Handelsmarken bedrohen die Innovationskraft

Vor dem Hintergrund der steigenden Anzahl von Handelsmarken in Europa hat die EU-Kommission eine Studie in Auftrag gegeben, die die Auswirkung der zunehmenden Konkurrenz zwischen Handelsmarken und Markenartikeln untersucht. Die Analyse enthält nach Informationen des Markenverbandes Feststellungen und Bewertungen, die für die Rolle von Handelsmarken bedeutend sind. Sie weise nach, dass in zahlreichen europäischen Ländern eine Nachfragemacht des Einzelhandels besteht, die zu einer Störung der Funktionsfähigkeit der Lebensmittelversorgung führen kann. Umsatzanteile würden als ein wesentlicher Gradmesser für die Abhängigkeit von Herstellern betrachtet.

Die Studie „The impact of private labels on the competitiveness of the European food supply chain“ widerlegt mehrere gern verwendete Argumente, mit denen Nachfragemacht häufig negiert wird: So könnten aufgrund verschiedener Geschäftsmodelle und Kostenstrukturen die geringeren Margen des Lebensmittelhandels gegenüber denen der Hersteller nicht miteinander verglichen werden. Hier seien Return on Investment oder die Eigenkapitalrendite geeignetere Maßstäbe. Ebenso führt die Studie aus, dass der Handel nur selten auf sogenannte „Muss-Produkte“ angewiesen ist, ohne die er sein Geschäft angeblich nicht machen kann.

Positive Effekte der Handelsmarken auf die Konsumentenwohlfahrt werden lediglich für den Fall bestätigt, dass sie Felder besetzen, die Markenhersteller nicht bearbeiten. Versuchten hingegen Handelsmarken, in direkten Wettbewerb mit Markenartikeln zu treten, seien diese insbesondere ein Mittel, um die Möglichkeiten eines Missbrauchs von Nachfragemacht zu verstärken. Zudem würde direkter Wettbewerb mit Markenartikeln echte Innovationen erfordern. Laut Studie können Handelsmarken gerade diese notwendige Innovationskraft für sich aber nicht in Anspruch nehmen. Sie würden regelmäßig erst zu einem späteren Zeitpunkt als Trittbrettfahrer-Produkte auf den Markt gebracht. Innovationen seien vielmehr dort besonders stark, wo der Anteil an Handelsmarken besonders niedrig sei. Am Beispiel Spaniens wird verdeutlicht, dass ein überproportionaler Anstieg von Handelsmarken die Konsumentenwohlfahrt dramatisch eingeschränkt hat.
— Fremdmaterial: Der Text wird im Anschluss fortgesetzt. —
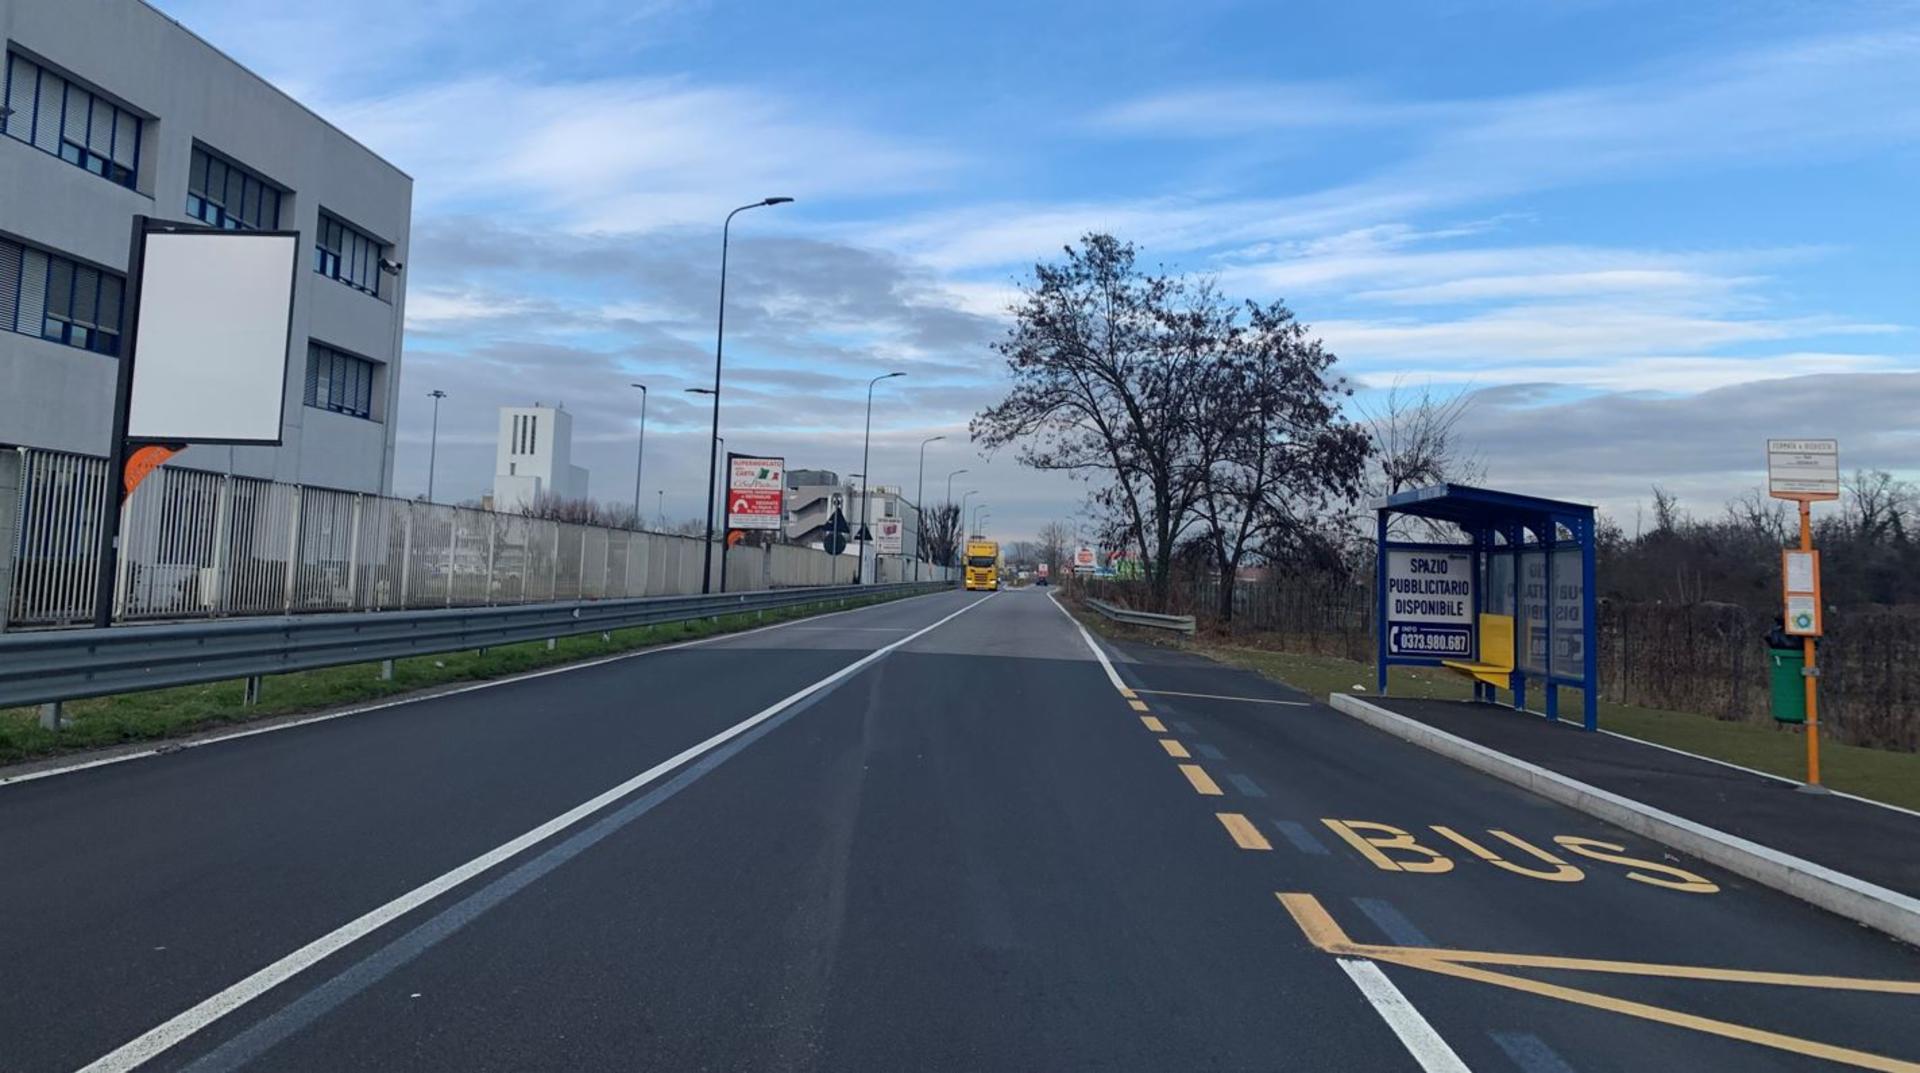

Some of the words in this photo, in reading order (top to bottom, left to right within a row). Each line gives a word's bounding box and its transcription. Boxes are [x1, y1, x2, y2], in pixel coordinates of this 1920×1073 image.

[1410, 558, 1448, 574] SPAZIO
[1389, 578, 1469, 596] PUBBLICITARIO
[1395, 599, 1464, 616] DISPONIBILE
[1401, 633, 1466, 650] 0373.980.687
[1320, 818, 1720, 893] BUS
Angesichts der Ergebnisse der Studie bleibt aus Sicht des Markenverbandes die effektive Kontrolle von Nachfragemacht eine kontinuierliche Aufgabe. „Die Defizite in der Missbrauchskontrolle, dazu zählt fehlende Klarheit über die Grenzen des Erlaubten, müssen dringend beseitigt werden“, sagt Hauptgeschäftsführer Christian Köhler. Die Bedrohungsszenarien für die Konsumentenwohlfahrt umfassen der Analyse zufolge die Einschränkung von Produktvielfalt, Qualität, Innovationskraft und Preiswürdigkeit von Produkten. Es wird bestätigt, dass die aktuelle Rechtslage nicht ausreicht, um die bestehenden Gefahren zu bekämpfen. Daher ist es aus Sicht des Markenverbandes notwendig, die Defizite in der Missbrauchskontrolle zu beseitigen. Dies gelinge durch klare und handhabbare Sanktionen von Missbrauch, durch effektiven Schutz der Anbieter vor Sanktionen durch Kunden und durch die Priorisierung in der Verfolgungspraxis des Bundeskartellamtes. Und schließlich müsse die Fusionskontrolle durch den Gesetzgeber gestärkt werden, um einer weiteren Konzentration im Lebensmitteleinzelhandel vorzubeugen.